Friday, January 26, 2007 4:37 PM
by
YAG
Theory of Constraints and TDD
While on my recent trip I was doing a lot of talking about Test Driven Development and Agile approaches in general. One night I was having dinner with someone and I was introducing him to Eliyahu Goldratt and his Theory of Constraints.
In his book The Goal, Goldratt sets the framework for his theories using a novel about Alex Rogo who manages a plant where things are always behind schedule. Anyway, in one part of the novel, Alex takes his son's scout troop on a hike. The older kids start out in the front of the line, and the line begins to spread out - making it hard for the parents to keep track of things. He suggests that they have the younger kids go to the front, and the line stays tight - because the slower children are in front and things adjust to the "constraint".
Since I'd been speaking so much about TDD, it suddenly hit me that TDD may be another example of the Theory of Constraints.
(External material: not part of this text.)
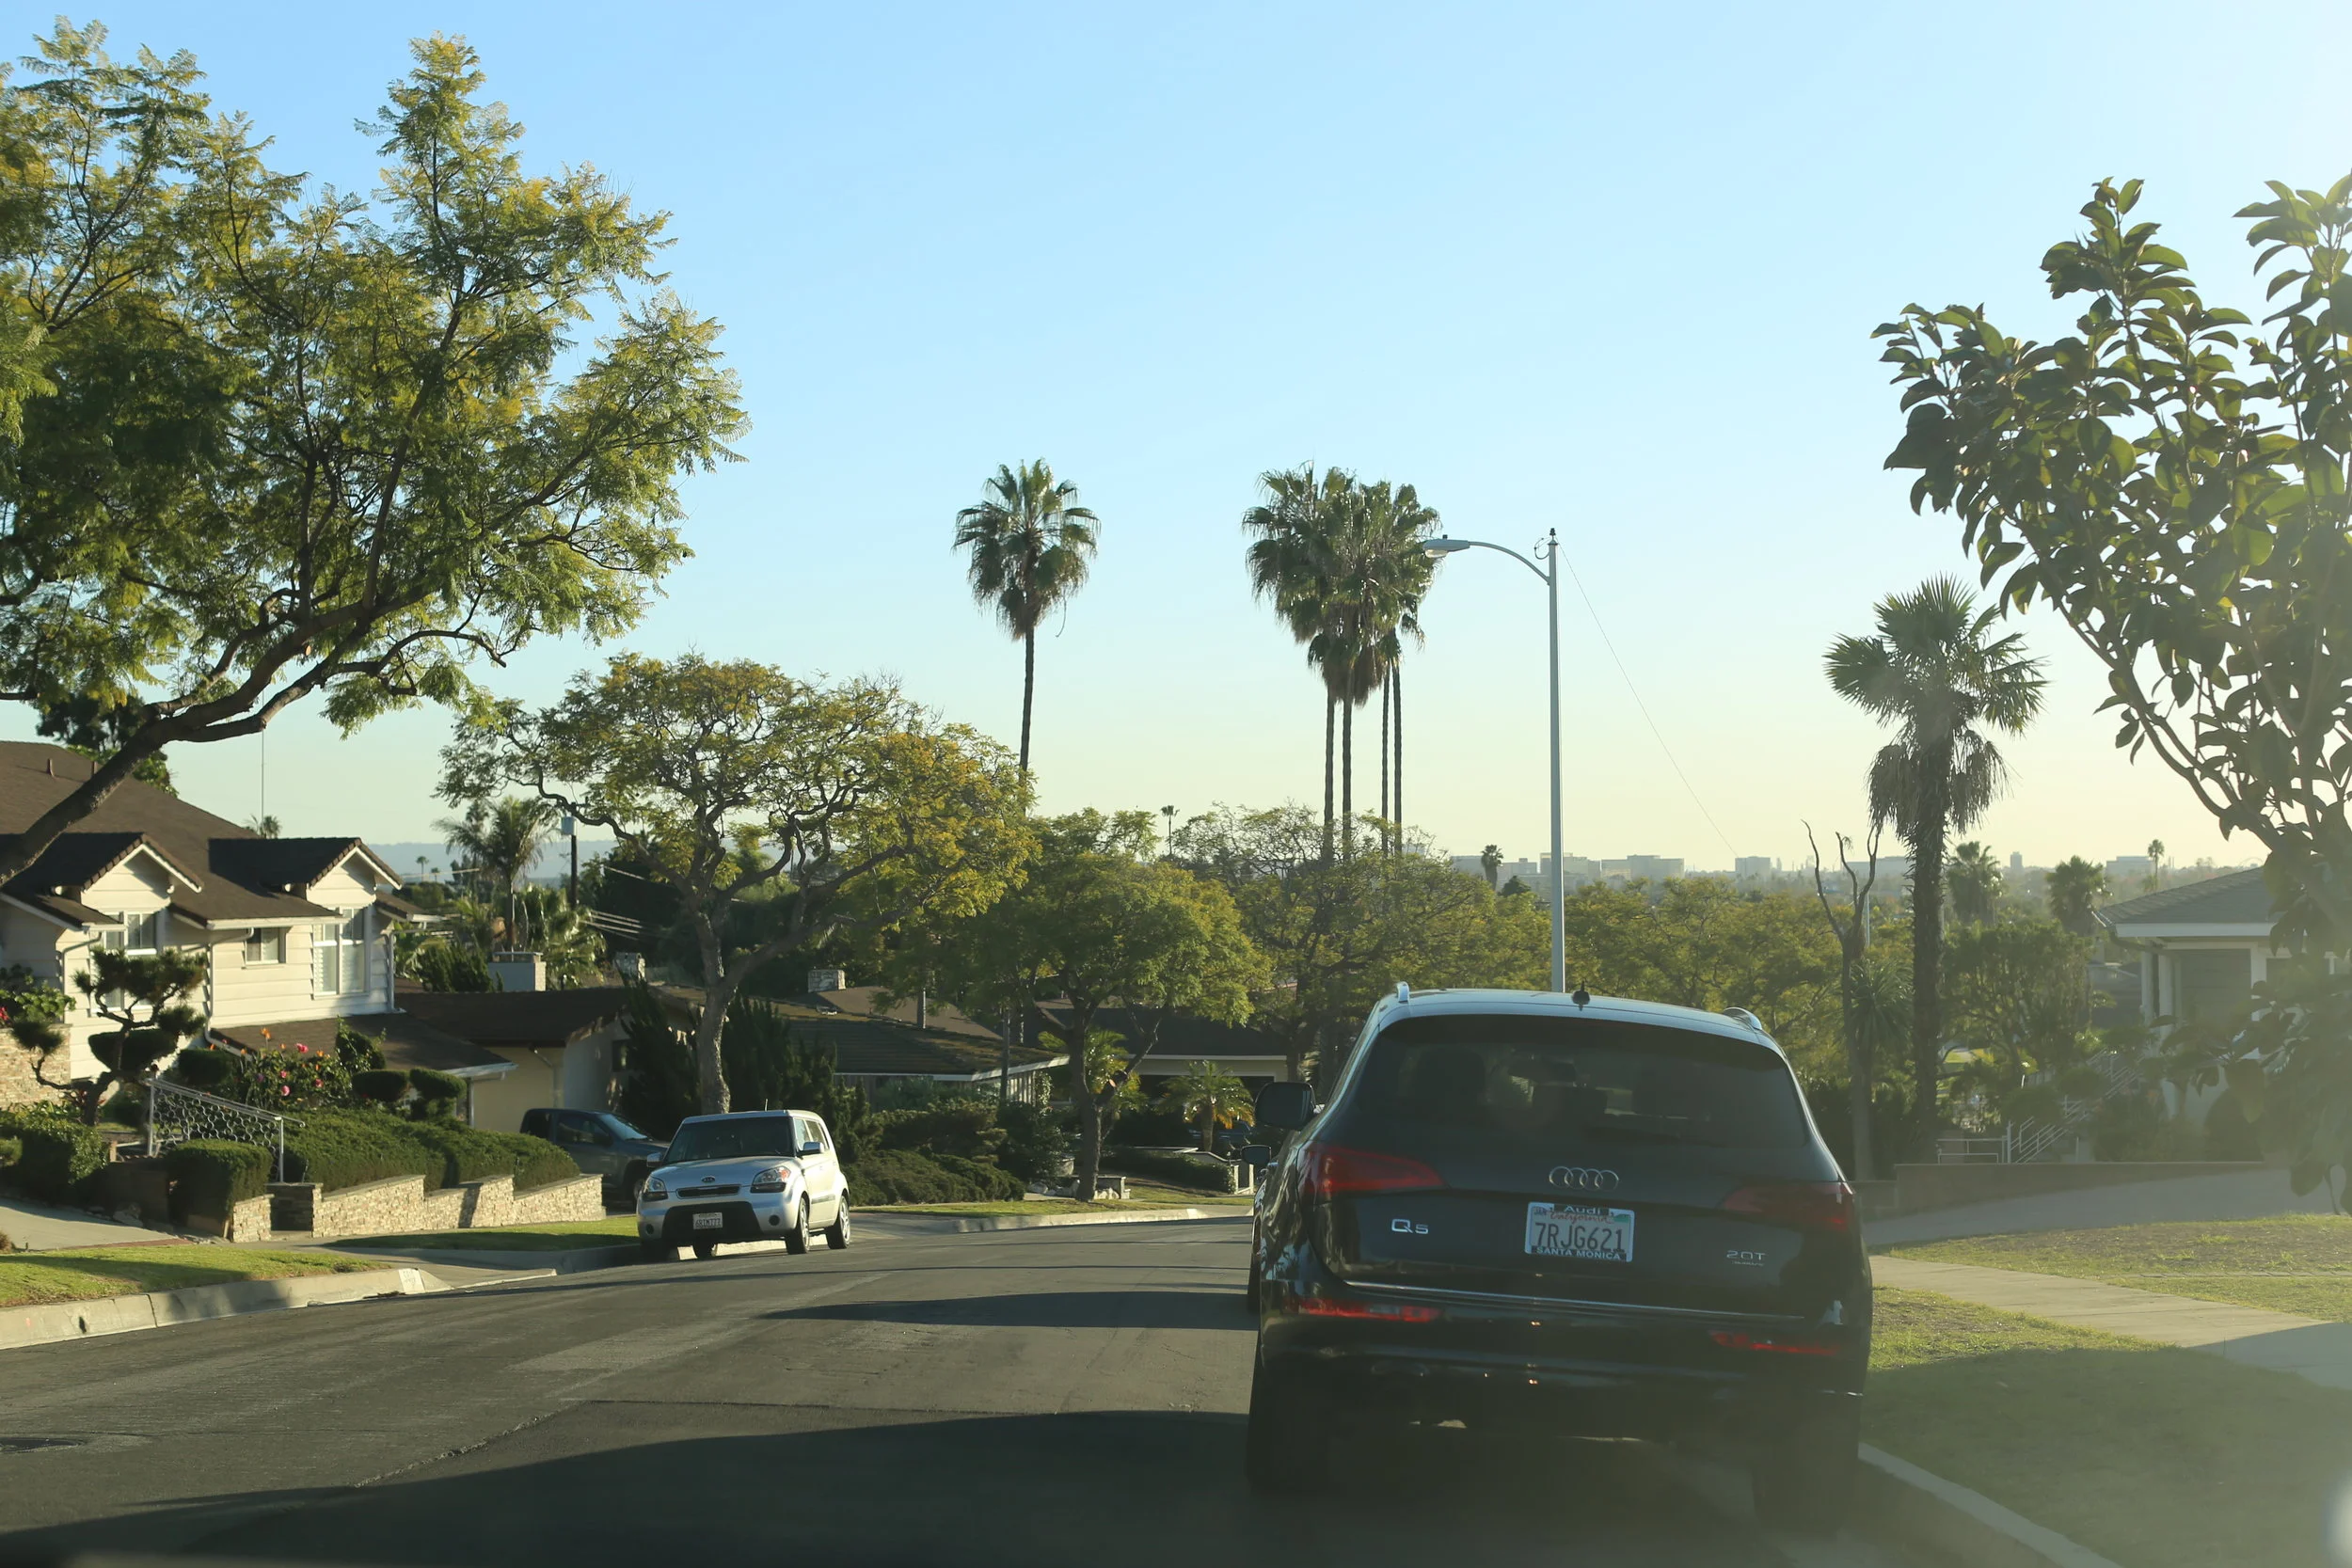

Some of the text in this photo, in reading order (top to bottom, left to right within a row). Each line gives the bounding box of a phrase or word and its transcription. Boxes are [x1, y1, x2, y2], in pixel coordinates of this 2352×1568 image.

[1564, 1205, 1601, 1215] Audi
[1391, 1218, 1429, 1234] Q5
[1535, 1223, 1624, 1252] 7RJG621
[1536, 1247, 1620, 1259] SANTA MONICA
In typical waterfall approaches, you have testing largely happening at the end of the process. With TDD, you get a portion of the testing (the code coverage hits, unit tests) at the front of the process - yes, you take some more time early, but it lets the whole team hit a regular cadence and continue to improve over time as refactoring occurs.
Anyway, I thought that was interesting. FWIW, I did a quick search to see who else may be talking about this - only found one thing at the agile alliance. I have to dig into this more...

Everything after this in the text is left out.